While there were gold mining efforts near Red Mountain during the 1870s, it was not until silver discoveries in 1882 that a more permanent population arrived, seeing the foundation of a town. Red Mountain Town, as it would become known, formed part of the Red Mountain Pass mining district between Silverton and Ouray. Alongside the Ironton, Guston, Sweetville, Rogerville, and Park City, Red Mountain Town formed a corridor through which the Silverton Railroad narrow-gauge ran, delivering ore to be processed in and transported from Silverton. These communities eventually consolidated until almost all residents of the area lived within Red Mountain Town, Ironton, or Guston. The townsite was moved during its first year due to the discovery that the unfrozen spring around which the first townsite was constructed turned the area into an uninhabitable marsh.

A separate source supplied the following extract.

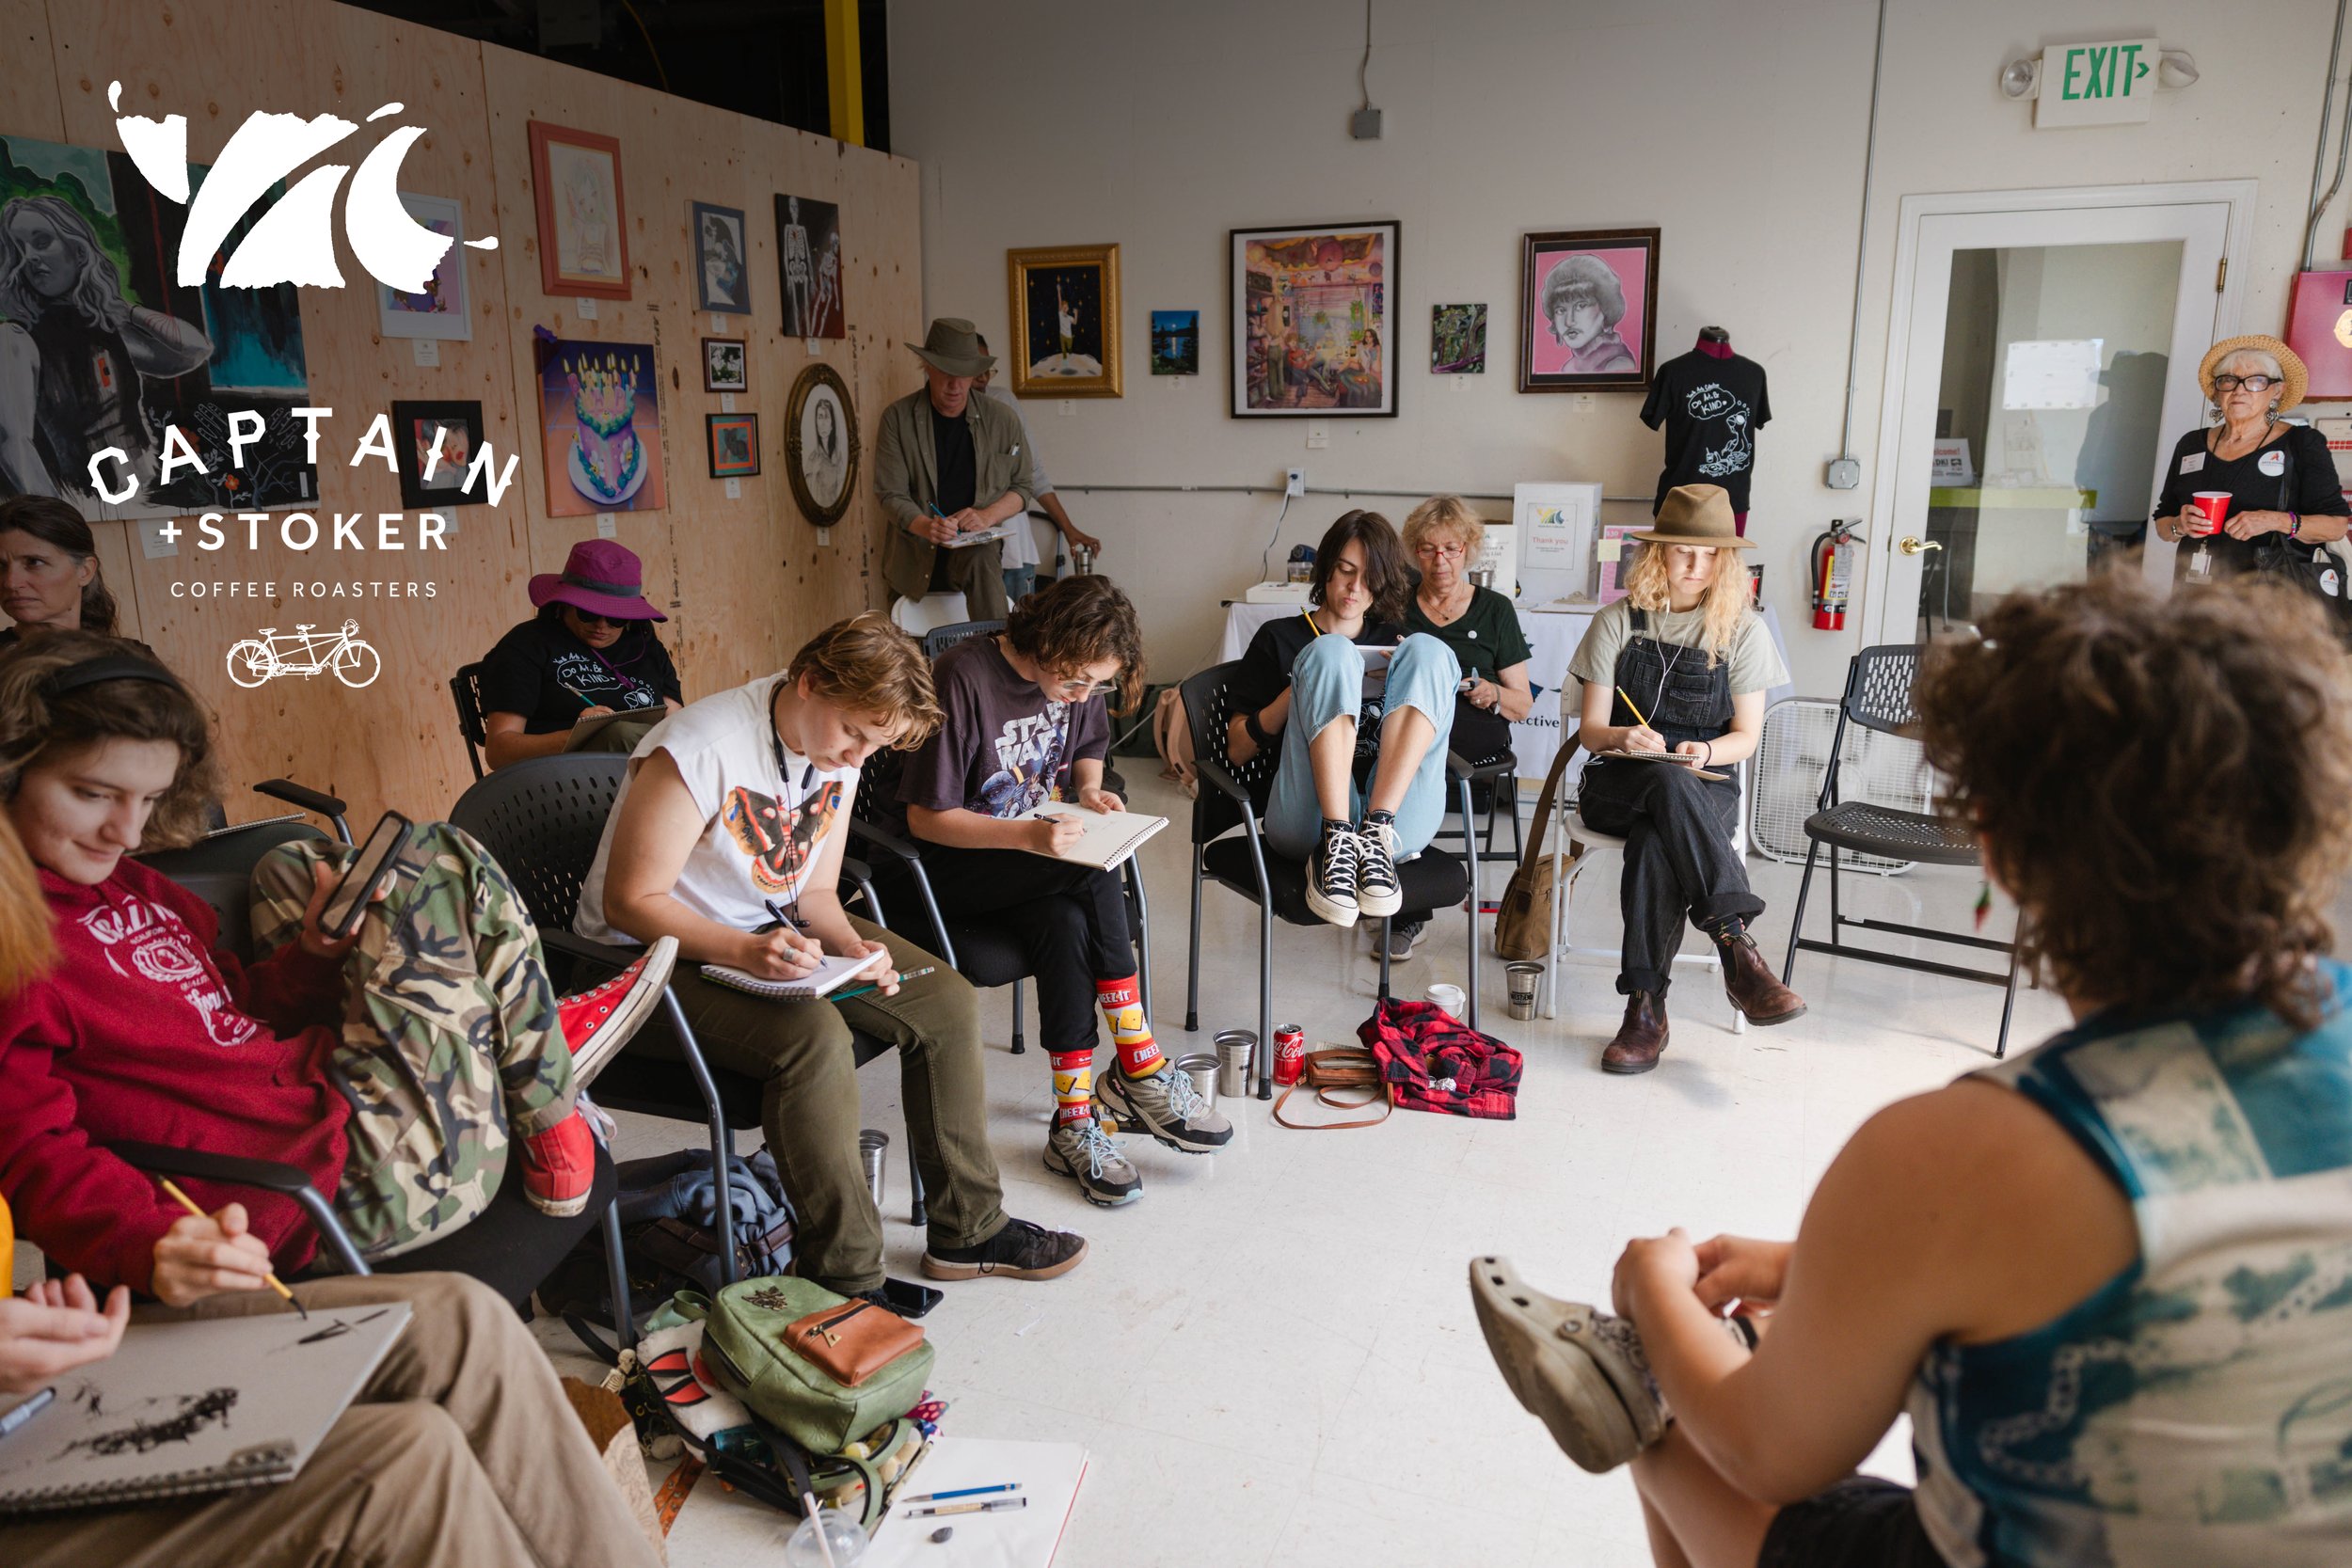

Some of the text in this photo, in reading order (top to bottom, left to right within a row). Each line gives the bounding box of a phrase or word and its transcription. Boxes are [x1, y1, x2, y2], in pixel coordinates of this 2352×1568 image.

[2062, 44, 2143, 101] EXIT
[562, 668, 577, 677] Do
[1517, 715, 1560, 728] ective

The communities in the Red Mountain mining district had a long-running rivalry that saw frequent brawls between residents of the neighboring towns. In 1892, English congregationalist preacher Rev. William Davis attempted to found a church in Red Mountain Town, but the townsfolk rejected him. However, Guston residents accepted Davis and a church was opened that same year. The day following the church's opening, the business district of Red Mountain Town burned, spurring some to claim it was an act of divine intervention. Fires such as this one spurred the town to move several times.

Despite its location in the second-largest silver-mining district in Colorado, its proximity to the major Yankee Girl and Idarado Mines, and a peak population over 1,000 people, Red Mountain Town is now a ghost town. As of July 2000, several wooden residential and mining structures still stood, with others in various states of collapse and decay. Mounds of yellow tailings were also visible.